Frank writes...
Last weekend my job had me in Baltimore, so of course I had to drop by the Baltimore Streetcar Museum and visit our friends there. Dave Wilson, Buster Hughes and Abe Zumwalt were there taking advantage of the unseasonably warm weather to get some car work done. But first they showed me some track progress.
The museum has recently installed a street railway (i.e. girder rail) crossover encased in concrete, just like you'd see in the city. This is pretty unusual: while several trolley museums use girder rail track, I honestly don't know whether any others have built switches encased in pavement like this. IRM just recently constructed some straight girder rail track in pavement but no switches. Anyway, it looks impressive and is quite the throwback to what was once an extremely common sight.

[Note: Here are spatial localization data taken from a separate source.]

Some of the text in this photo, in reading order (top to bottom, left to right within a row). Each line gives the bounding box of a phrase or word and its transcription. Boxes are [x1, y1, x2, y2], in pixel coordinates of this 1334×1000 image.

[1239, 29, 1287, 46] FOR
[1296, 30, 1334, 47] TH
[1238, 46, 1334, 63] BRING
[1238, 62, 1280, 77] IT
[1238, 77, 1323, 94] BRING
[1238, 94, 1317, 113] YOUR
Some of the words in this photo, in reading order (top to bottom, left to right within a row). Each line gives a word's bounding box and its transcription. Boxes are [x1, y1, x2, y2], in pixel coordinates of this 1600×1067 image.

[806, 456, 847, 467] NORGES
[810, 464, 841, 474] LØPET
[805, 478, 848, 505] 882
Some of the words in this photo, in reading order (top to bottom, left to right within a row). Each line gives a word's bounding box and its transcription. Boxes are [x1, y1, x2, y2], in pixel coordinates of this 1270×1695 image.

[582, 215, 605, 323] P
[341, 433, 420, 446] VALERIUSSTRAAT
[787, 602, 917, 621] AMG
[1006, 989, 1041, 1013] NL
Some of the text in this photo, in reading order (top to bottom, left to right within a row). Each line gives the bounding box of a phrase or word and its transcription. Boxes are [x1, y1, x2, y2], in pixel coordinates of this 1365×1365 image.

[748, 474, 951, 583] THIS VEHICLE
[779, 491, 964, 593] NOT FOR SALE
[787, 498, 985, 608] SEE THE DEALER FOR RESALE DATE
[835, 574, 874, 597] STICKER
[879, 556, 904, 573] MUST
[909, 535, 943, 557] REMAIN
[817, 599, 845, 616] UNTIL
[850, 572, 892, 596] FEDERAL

And then I got to see what they're working on in their shop. Work on their single-truck Brownell-built 1896 open car, car 554, is in the finishing stages. Attention is now turning to another Brownell single-trucker, this one a closed car built in 1898, car 1050 (photo here). Work on this car had actually begun a couple of years ago before funding became available to rebuild car 554, so work on 1050 was suspended for a time. Now they're back at it, concentrating on interior work when I was there. Above, Dave and Abe look on as Buster strips old paint off of a piece of trim from along the floor. This car had longitudinal seating with, essentially, carpeted wooden benches - the same as our 1895 Chicago single-trucker. And they were also discussing how car 1050 will be painted when done. I was reminded that when someone in Baltimore says they're restoring the car to its appearance "in the late '90s" they don't mean the same '90s as we at IRM - with our modern "L" cars and diesels - do!
You know, I'm kind of interested on how IRM plans to do the crossing of the carline extension with the current carline/Barn 9 lead. Prototype track work has been something I have been really getting into since I am doing it in HO scale as of right now.
ReplyDeleteWill O'Malley
The Pennsylvania Trolley Museum has at least three turnouts in concrete.